PulseAugur
实时 10:54:55
English(EN) SpatiO: Adaptive Test-Time Orchestration of Vision-Language Agents for Spatial Reasoning

新框架通过世界模型和多智能体系统增强VLM的空间推理能力

研究人员开发了World2VLM,一个新颖的训练框架,将生成式世界模型中的空间推理能力提炼到视觉语言模型(VLMs)中。该方法合成未来视图以提供结构化监督,使VLMs能够比依赖合成数据或推理时世界模型耦合的方法更有效地内化空间想象。World2VLM在各种空间推理基准测试中表现出持续的改进,优于现有方法。 AI

影响 引入了增强VLM空间推理能力的新方法和基准,有可能提高它们在动态环境中的性能。

排序理由 该集群包含多篇学术论文,介绍了用于视觉语言模型空间推理的新模型和基准。

在 arXiv cs.CV 阅读 →

AI 生成摘要 · Google Gemini · 来自 7 个来源。 我们如何撰写摘要 →

新框架通过世界模型和多智能体系统增强VLM的空间推理能力

报道来源 [7]

  1. Hugging Face Daily Papers TIER_1 English(EN) ·

    World2VLM: Distilling World Model Imagination into VLMs for Dynamic Spatial Reasoning

    Vision-language models (VLMs) have shown strong performance on static visual understanding, yet they still struggle with dynamic spatial reasoning that requires imagining how scenes evolve under egocentric motion. Recent efforts address this limitation either by scaling spatial s…

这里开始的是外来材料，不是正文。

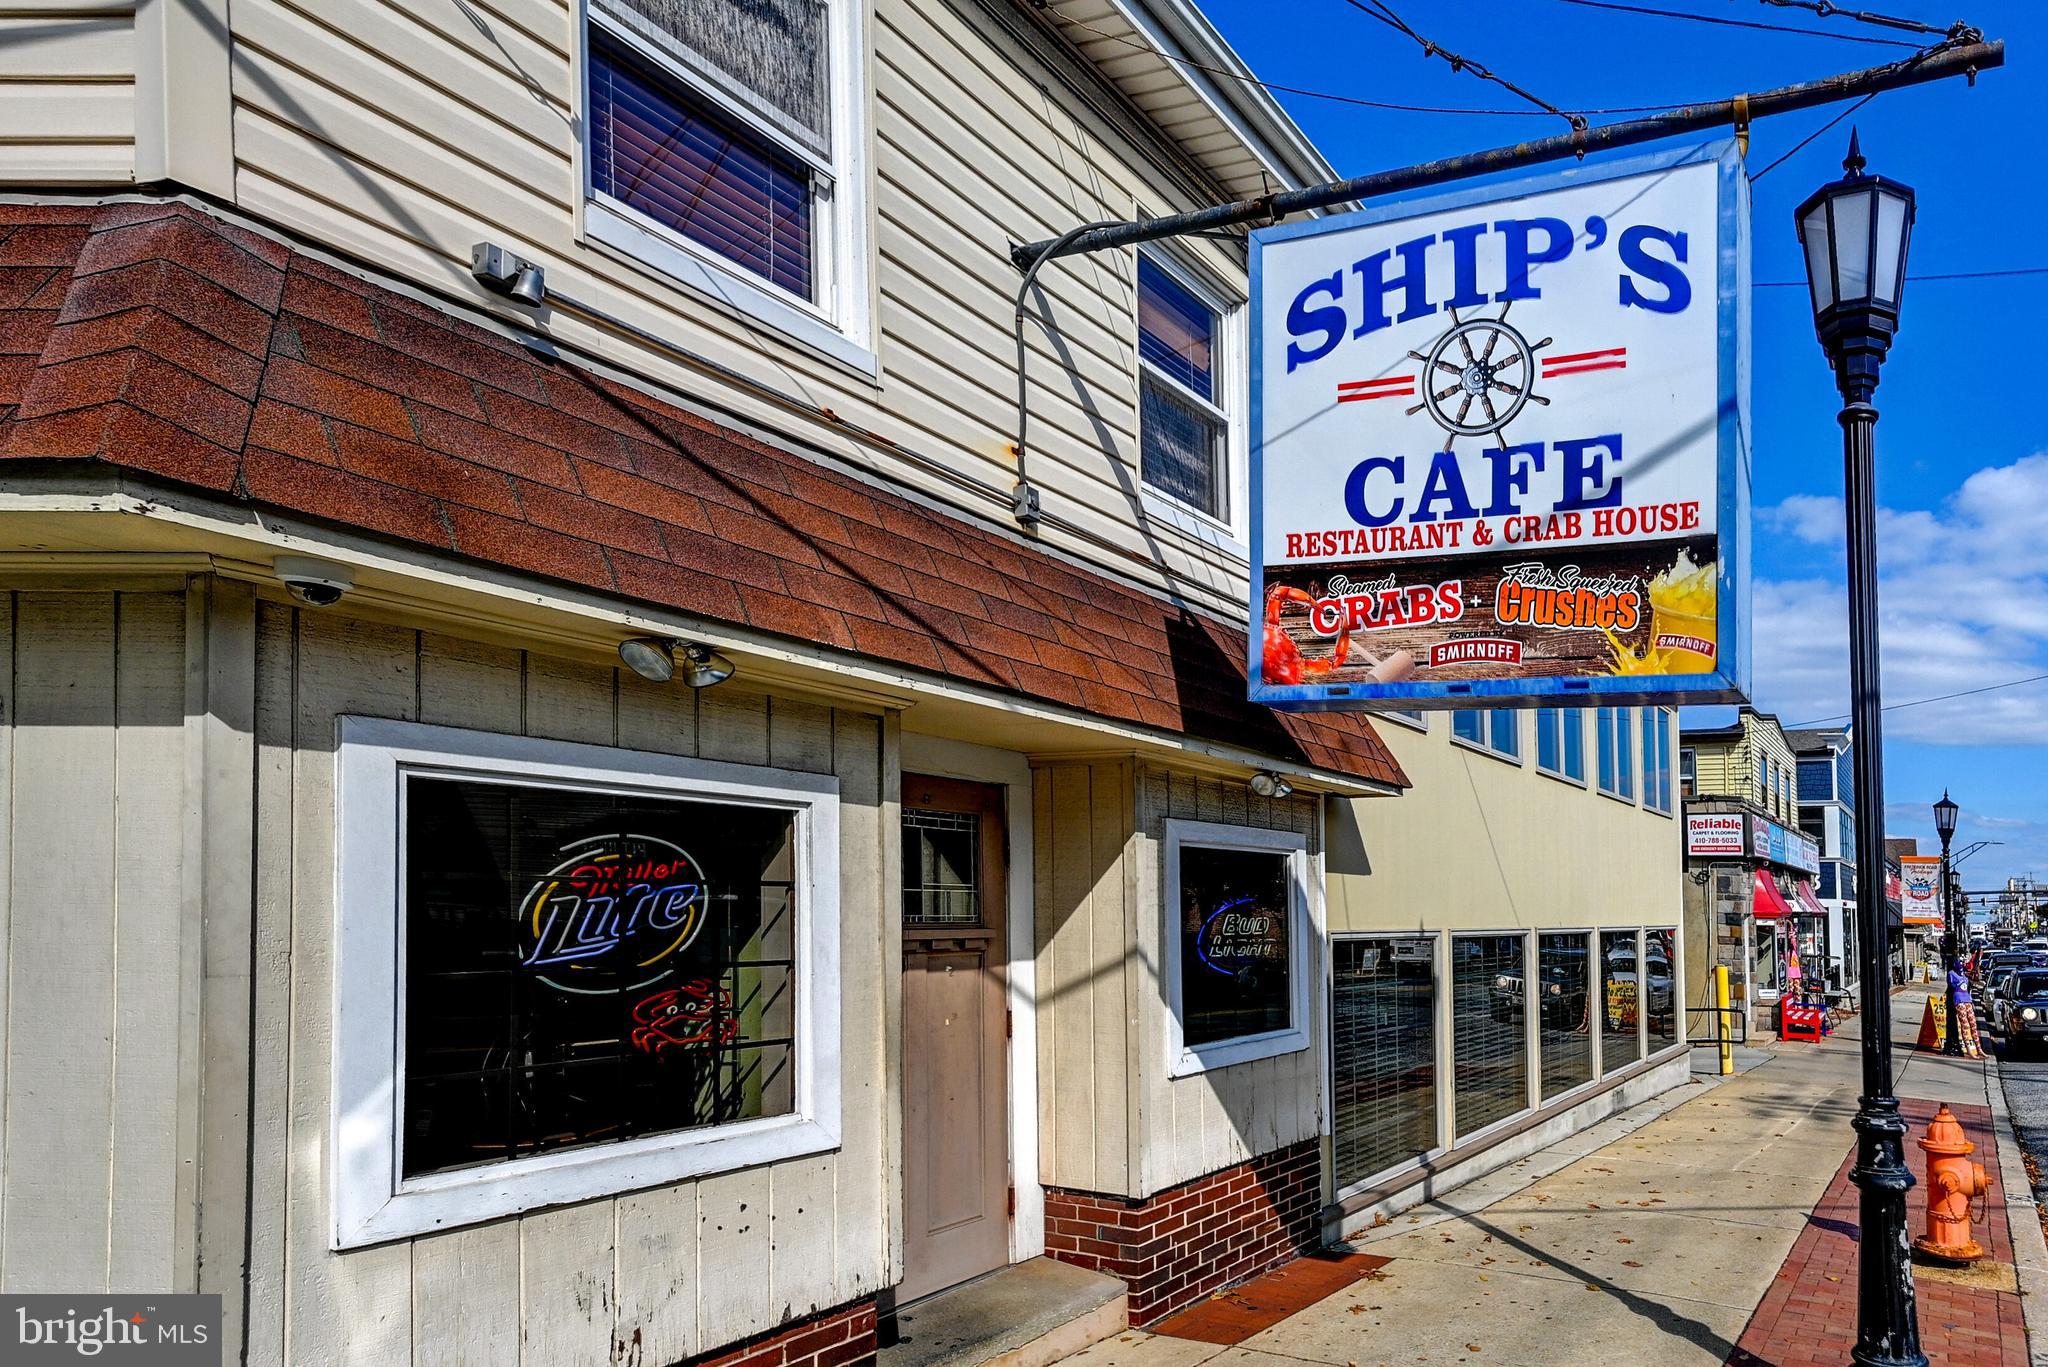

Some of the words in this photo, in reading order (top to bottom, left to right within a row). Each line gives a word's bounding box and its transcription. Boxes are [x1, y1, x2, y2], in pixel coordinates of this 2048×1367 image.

  2. arXiv cs.CV TIER_1 English(EN) · Wanyue Zhang, Wenxiang Wu, Wang Xu, Jiaxin Luo, Helu Zhi, Yibin Huang, Shuo Ren, Zitao Liu, Jiajun Zhang ·

    World2VLM: Distilling World Model Imagination into VLMs for Dynamic Spatial Reasoning

    arXiv:2604.26934v1 Announce Type: new Abstract: Vision-language models (VLMs) have shown strong performance on static visual understanding, yet they still struggle with dynamic spatial reasoning that requires imagining how scenes evolve under egocentric motion. Recent efforts add…

  3. arXiv cs.CV TIER_1 English(EN) · Jiajun Zhang ·

    World2VLM: Distilling World Model Imagination into VLMs for Dynamic Spatial Reasoning

    Vision-language models (VLMs) have shown strong performance on static visual understanding, yet they still struggle with dynamic spatial reasoning that requires imagining how scenes evolve under egocentric motion. Recent efforts address this limitation either by scaling spatial s…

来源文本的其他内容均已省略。